Ladder for sustainable urbanisation
'New urban development’ framework for small-scale developments: the sum of its parts.
In a decision dated 24 August 2016, the Administrative Jurisdiction Division of the Dutch Council of State (‘the Division’) clearly summarised when small-scale developments involve ‘new urban development’ within the meaning of Section 3.1.6(2) of the Dutch Spatial Planning Decree.
(See, for instance, our blog entry dated 23 June 2016 for more background information on the application of the Ladder for Sustainable Urbanisation). Read the entire decision here. (Dutch only)

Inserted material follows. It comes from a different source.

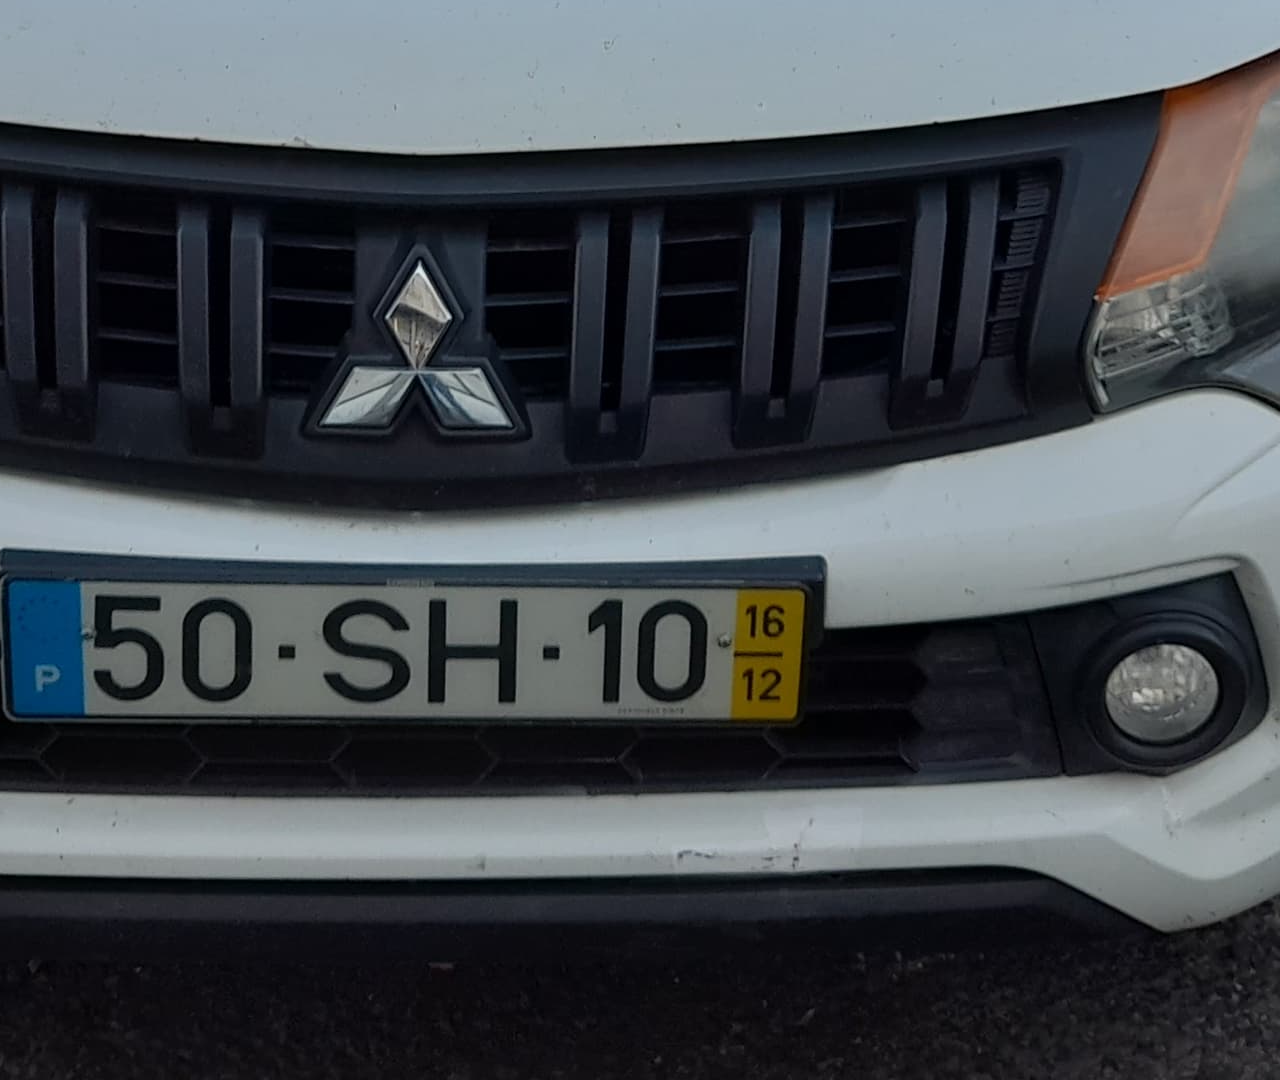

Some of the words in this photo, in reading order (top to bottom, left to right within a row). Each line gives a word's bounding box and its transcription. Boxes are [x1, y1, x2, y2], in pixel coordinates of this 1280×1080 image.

[745, 603, 785, 639] 16
[34, 664, 61, 692] P
[742, 667, 782, 702] 12
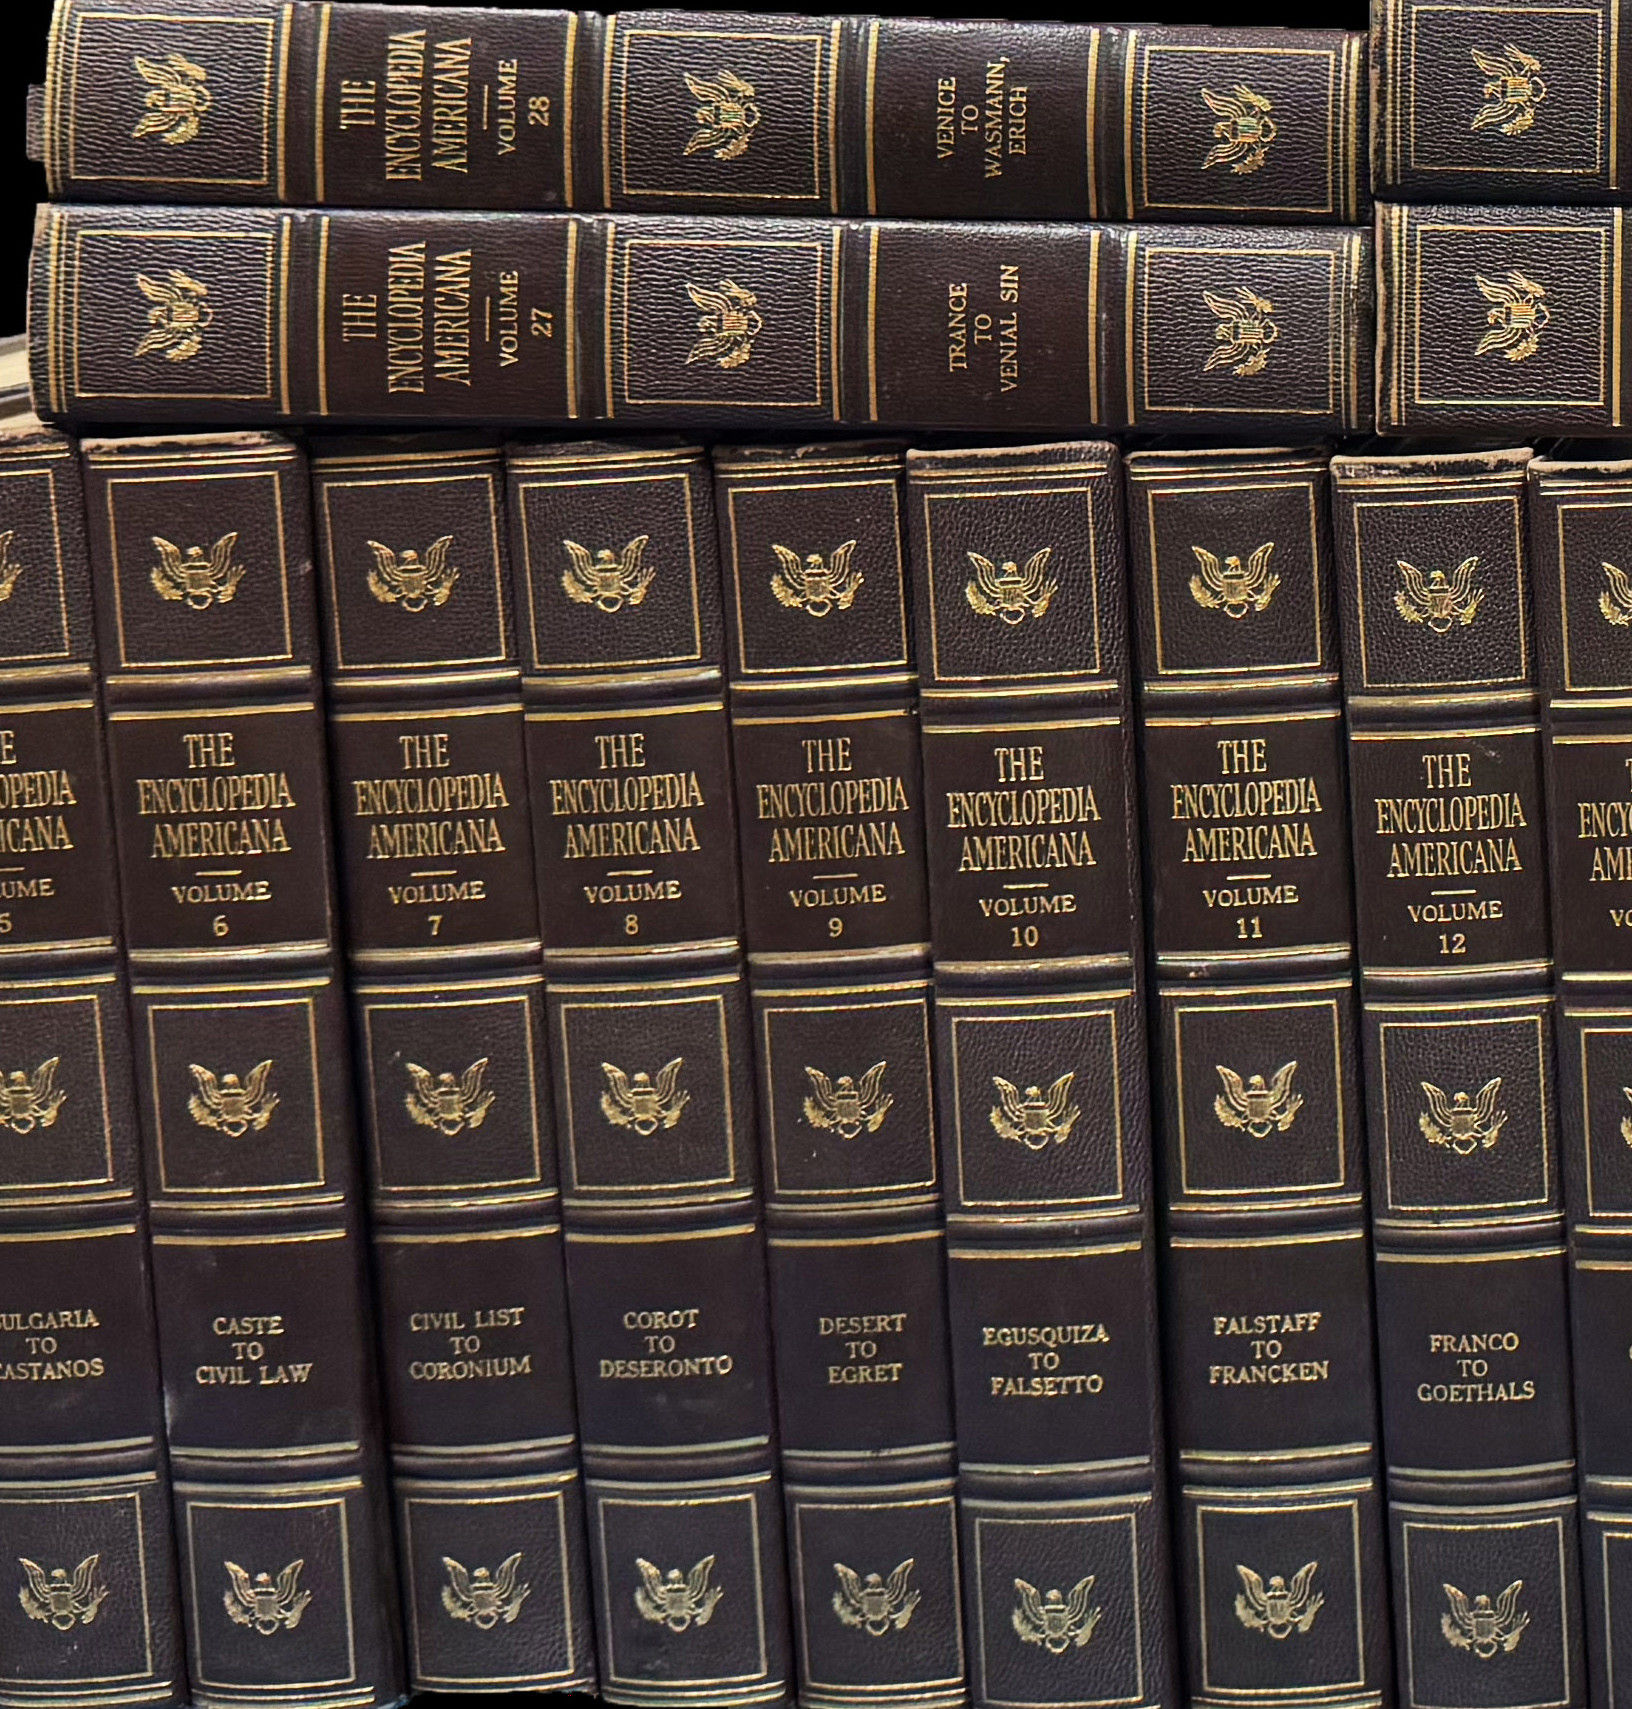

Case law on this topic is being given more and more shape, which certainly inures to the benefit of legal certainty.
What was the case about?
The Municipal Executive of Eijsden-Margraten (Limburg) granted an integrated environmental permit with project variation to expand an office building and to construct a car park with 21 parking spaces. The neighbours objected and instituted legal proceedings before the district court, successfully arguing that said construction constituted a new urban development as meant above. In the appeal phase, the district court rendered a reasoned ruling stating – in short –that, together, the expansion of the office building and the car park had to be seen as ‘a single coherent project’. Leaving aside the question of whether, given the scope of the expansion and based on the existing planning options, the expansion of the office building qualified as a new urban development, the district court held that the car park was not going to be constructed in an urban area and that, in and of itself, it concerned a non-limited change of use, notwithstanding the fact that it blended in with the landscape. As a consequence, the need for, and feasibility of, the entire project had to be examined based on the Ladder for Sustainable Urbanisation.
However, the Division ruled differently in the appeal proceedings. The Division first reiterated its established case law that
‘in answering the question of whether the development made possible by the envisaged integrated environmental permit constitutes a new urban development […], it must be determined as a whole the extent to which the integrated environmental permit, compared with the prevailing zoning plan from which it deviates, provides for a change in use and what spatial planning effect on the space the integrated environmental permit makes possible compared with the zoning plan’.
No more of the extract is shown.